In particularly, according to an executive of AirDefense, hackers at the show held March 10-16 are targeting specific devices. This is a trend that the company said it first noted at the 2005 RSA Conference held earlier this year.
"Hackers at this year's CeBIT came with a purpose in mind," Richard Rushing, chief security officer for AirDefense, said in a statement. "(They) were more focused on masquerading as a legitimate device rather than trying to capture information or redirect attendees."
The company said that intruders at CeBIT typically identified vulnerable devices, then, essentially, spoofed the network into thinking they were that device. This approach, according to AirDefense, involved launching a denial of service (DoS) attack on the device to get it off the network. The hackers would then spoof the MAC address of the device to connect to the network.

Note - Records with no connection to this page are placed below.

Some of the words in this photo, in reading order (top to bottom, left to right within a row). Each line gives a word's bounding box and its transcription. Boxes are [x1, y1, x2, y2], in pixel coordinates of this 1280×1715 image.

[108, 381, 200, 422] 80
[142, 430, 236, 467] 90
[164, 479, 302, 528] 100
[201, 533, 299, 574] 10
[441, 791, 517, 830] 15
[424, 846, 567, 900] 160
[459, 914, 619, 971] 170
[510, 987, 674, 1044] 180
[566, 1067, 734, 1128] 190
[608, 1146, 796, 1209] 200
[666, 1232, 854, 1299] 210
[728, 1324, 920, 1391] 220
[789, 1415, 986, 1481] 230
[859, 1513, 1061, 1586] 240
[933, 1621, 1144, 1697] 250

Rushing said that, often, the attacks were designed for a specific purpose, such as making it impossible for an exhibitor to demonstrate a product. He also surmised that some hackers were competing with each other to see how many wireless users they could disconnect.

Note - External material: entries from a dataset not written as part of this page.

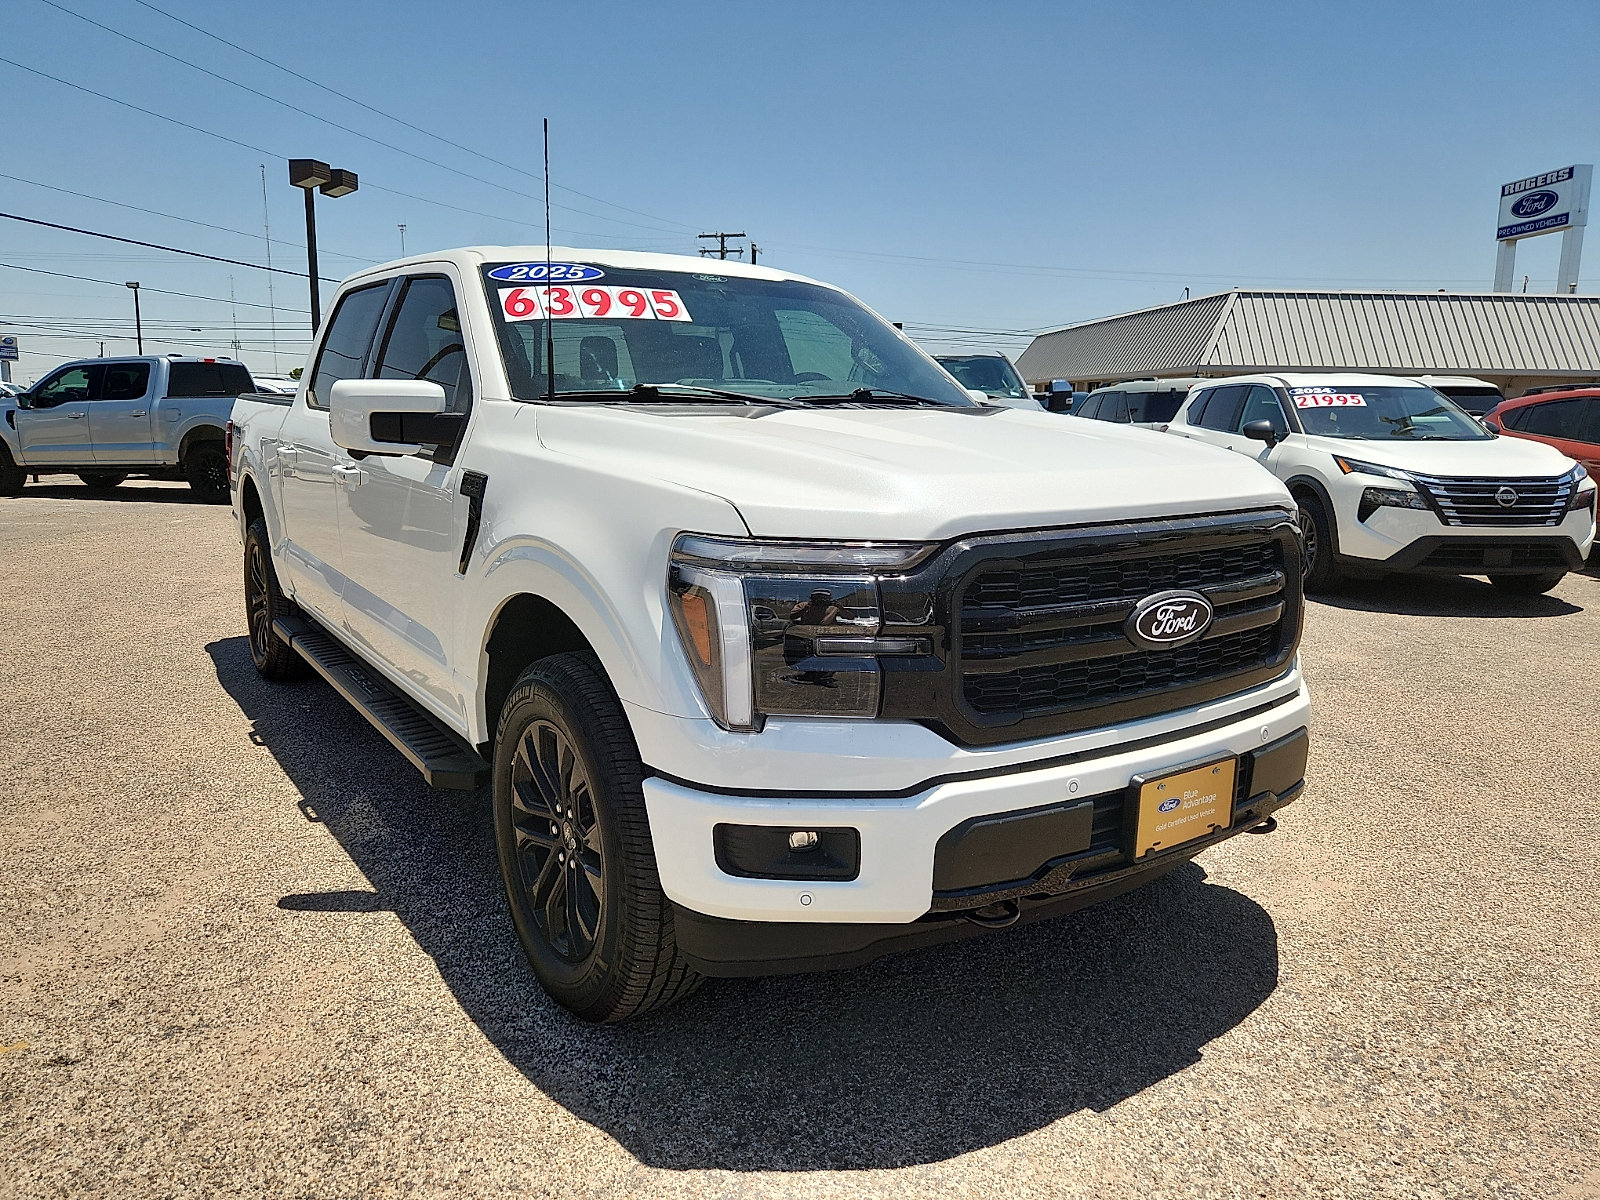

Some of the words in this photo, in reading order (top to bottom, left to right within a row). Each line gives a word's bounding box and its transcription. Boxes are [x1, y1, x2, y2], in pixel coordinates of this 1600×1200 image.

[1504, 168, 1569, 195] ROGERS
[1519, 195, 1548, 214] Ford
[1498, 223, 1535, 237] PRE-OWNED
[1535, 216, 1567, 228] VEHICLES
[509, 266, 585, 280] 2025
[504, 287, 681, 318] 63995
[1294, 387, 1331, 395] 2024
[1296, 395, 1361, 407] 21995
[1151, 604, 1198, 636] Ford
[1182, 793, 1217, 810] Advantage
[1183, 789, 1199, 800] Blue
[1161, 799, 1178, 812] Ford
[1155, 823, 1167, 832] Gold
[1167, 816, 1187, 828] Certified
[1187, 812, 1199, 822] Used
[1199, 808, 1216, 818] Vehicle
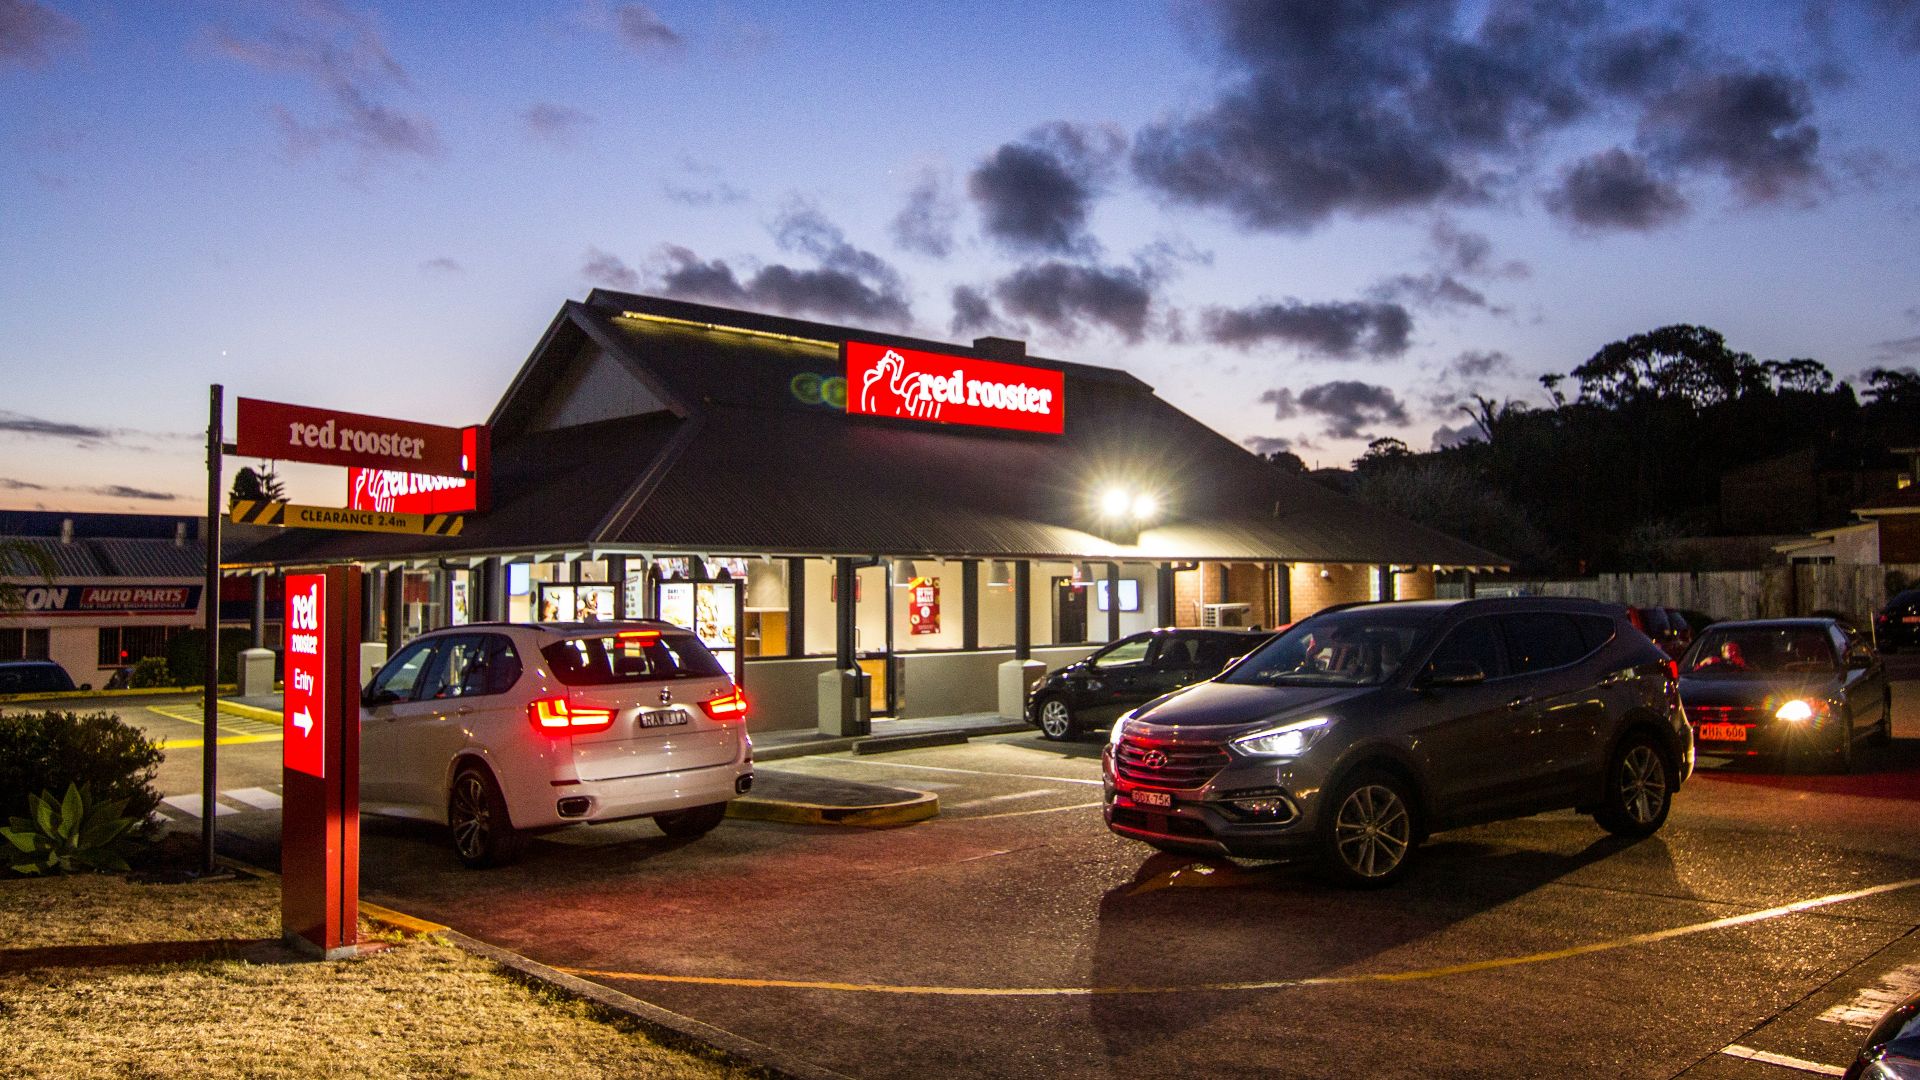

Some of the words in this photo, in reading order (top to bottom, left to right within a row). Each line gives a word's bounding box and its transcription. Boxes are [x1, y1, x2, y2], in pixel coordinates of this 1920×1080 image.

[918, 369, 965, 405] red
[966, 379, 1052, 415] rooster
[289, 419, 336, 450] red
[339, 428, 425, 460] rooster
[301, 510, 374, 526] CLEARANCE
[378, 516, 407, 528] 2.4m
[88, 588, 129, 603] AUTO
[132, 588, 182, 602] PARTS
[292, 583, 318, 630] red
[292, 633, 318, 655] rooster
[294, 667, 314, 697] Entry

AirDefense also noted a number of sloppy security practices among exhibitors. For instance, it claimed that many exhibitors named their access points after their company, making it easier for intruders to focus on and monitor a specific company's activities.
"Exhibitors who leave their wireless networks easily discoverable at these shows need to be made aware of the ease with which an intruder can access their network and cause damage," said Rushing.
AirDefense routinely monitors the airwaves at wireless industry trade shows and reports the results afterward. At CeBIT, it worked with German security vendor eSeSIX.